An old 2016 Intel DC P3700 Series 2 TB SSD PCIe 3.0 addon card running EXT4 with atime=off - db’s for all nodes are placed on this SSD :

uploaded 10000 pieces in 4.245792625s (139.41 MiB/s)
collected 10000 pieces in 3.982914422s (148.62 MiB/s)

--disable-sync:

uploaded 10000 pieces in 3.722261472s (159.02 MiB/s)
collected 10000 pieces in 4.048562214s (146.21 MiB/s)

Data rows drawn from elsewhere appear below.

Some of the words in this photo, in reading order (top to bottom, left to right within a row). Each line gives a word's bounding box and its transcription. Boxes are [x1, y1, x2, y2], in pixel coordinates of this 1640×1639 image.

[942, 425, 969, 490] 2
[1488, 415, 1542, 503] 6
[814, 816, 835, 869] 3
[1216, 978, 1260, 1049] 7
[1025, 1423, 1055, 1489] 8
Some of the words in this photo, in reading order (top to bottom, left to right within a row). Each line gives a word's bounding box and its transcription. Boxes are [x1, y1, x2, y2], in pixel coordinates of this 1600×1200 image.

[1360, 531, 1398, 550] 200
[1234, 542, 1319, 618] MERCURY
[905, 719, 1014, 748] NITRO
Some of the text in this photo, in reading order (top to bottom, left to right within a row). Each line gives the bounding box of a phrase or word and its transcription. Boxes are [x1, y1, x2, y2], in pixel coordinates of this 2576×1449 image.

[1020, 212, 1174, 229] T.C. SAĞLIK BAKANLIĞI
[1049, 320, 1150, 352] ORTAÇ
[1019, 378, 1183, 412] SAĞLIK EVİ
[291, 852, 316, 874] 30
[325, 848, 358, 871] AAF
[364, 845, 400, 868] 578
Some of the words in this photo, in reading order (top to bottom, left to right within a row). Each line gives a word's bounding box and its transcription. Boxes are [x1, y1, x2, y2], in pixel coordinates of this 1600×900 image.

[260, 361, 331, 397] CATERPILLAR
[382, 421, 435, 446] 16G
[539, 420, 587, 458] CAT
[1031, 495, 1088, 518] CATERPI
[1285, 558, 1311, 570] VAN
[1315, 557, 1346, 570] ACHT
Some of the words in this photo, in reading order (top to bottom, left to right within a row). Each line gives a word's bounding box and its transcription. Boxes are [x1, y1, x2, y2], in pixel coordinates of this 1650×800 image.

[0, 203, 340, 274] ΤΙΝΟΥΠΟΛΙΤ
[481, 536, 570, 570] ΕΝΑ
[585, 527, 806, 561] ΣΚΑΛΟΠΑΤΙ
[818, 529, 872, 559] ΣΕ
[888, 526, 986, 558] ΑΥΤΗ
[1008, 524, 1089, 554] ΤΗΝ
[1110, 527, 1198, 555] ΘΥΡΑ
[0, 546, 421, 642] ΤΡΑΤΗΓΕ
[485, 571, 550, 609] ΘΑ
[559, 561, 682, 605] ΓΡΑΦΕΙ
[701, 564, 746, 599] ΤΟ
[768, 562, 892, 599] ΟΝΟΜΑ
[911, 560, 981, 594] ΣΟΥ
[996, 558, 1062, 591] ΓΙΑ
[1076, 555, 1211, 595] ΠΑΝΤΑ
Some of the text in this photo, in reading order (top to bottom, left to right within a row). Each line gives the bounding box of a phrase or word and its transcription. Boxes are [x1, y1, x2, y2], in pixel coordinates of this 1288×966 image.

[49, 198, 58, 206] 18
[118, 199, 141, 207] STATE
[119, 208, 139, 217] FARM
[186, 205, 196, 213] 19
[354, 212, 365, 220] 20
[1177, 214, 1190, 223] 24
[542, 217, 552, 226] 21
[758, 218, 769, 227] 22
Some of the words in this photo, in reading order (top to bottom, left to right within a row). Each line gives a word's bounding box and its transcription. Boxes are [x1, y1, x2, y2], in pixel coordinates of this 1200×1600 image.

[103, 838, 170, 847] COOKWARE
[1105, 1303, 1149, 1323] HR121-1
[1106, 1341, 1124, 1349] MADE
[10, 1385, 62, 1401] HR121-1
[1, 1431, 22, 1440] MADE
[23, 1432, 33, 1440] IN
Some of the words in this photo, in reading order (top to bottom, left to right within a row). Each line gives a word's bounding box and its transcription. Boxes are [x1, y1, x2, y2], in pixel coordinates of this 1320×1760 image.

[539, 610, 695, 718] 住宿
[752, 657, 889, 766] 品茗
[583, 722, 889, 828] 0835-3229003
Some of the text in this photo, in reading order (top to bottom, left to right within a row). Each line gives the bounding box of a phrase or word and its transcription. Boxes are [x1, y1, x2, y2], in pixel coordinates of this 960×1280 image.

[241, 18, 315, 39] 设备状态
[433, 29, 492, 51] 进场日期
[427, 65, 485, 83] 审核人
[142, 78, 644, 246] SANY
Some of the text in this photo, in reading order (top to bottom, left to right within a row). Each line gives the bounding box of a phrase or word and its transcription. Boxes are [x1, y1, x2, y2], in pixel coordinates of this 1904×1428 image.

20 TB Seagate Exos X20 SAS (ST20000NM002D) on a braodcom 9480-8i8e ctrl. running EXT4 with atime=off :

uploaded 10000 pieces in 9.654876194s (61.31 MiB/s)
collected 10000 pieces in 3.319280303s (178.33 MiB/s)

--disable-sync:

uploaded 10000 pieces in 4.330196856s (136.70 MiB/s)
collected 10000 pieces in 3.074334079s (192.54 MiB/s)

— Update – :

Bcache setup :
backing device : 8 x 24 TB Seagate x24 SAS (ST24000NM007H) on a broadcom 9670W-16i ctrl. in RAID0
cache device : 4 x 6,4 TB Kioxia CD8-V NVMe (KCD81VUG6T40) on another broadcom 9670W-16i ctrl. in RAID0
Filesystem is XFS with relatime, attr2, inode64, logbufs=8, logbsize=32k, noquota

uploaded 10000 pieces in 4.251765411s (139.22 MiB/s)
collected 10000 pieces in 4.025170484s (147.06 MiB/s)

--disable-sync:

uploaded 10000 pieces in 3.818703243s (155.01 MiB/s)
collected 10000 pieces in 4.112259897s (143.94 MiB/s)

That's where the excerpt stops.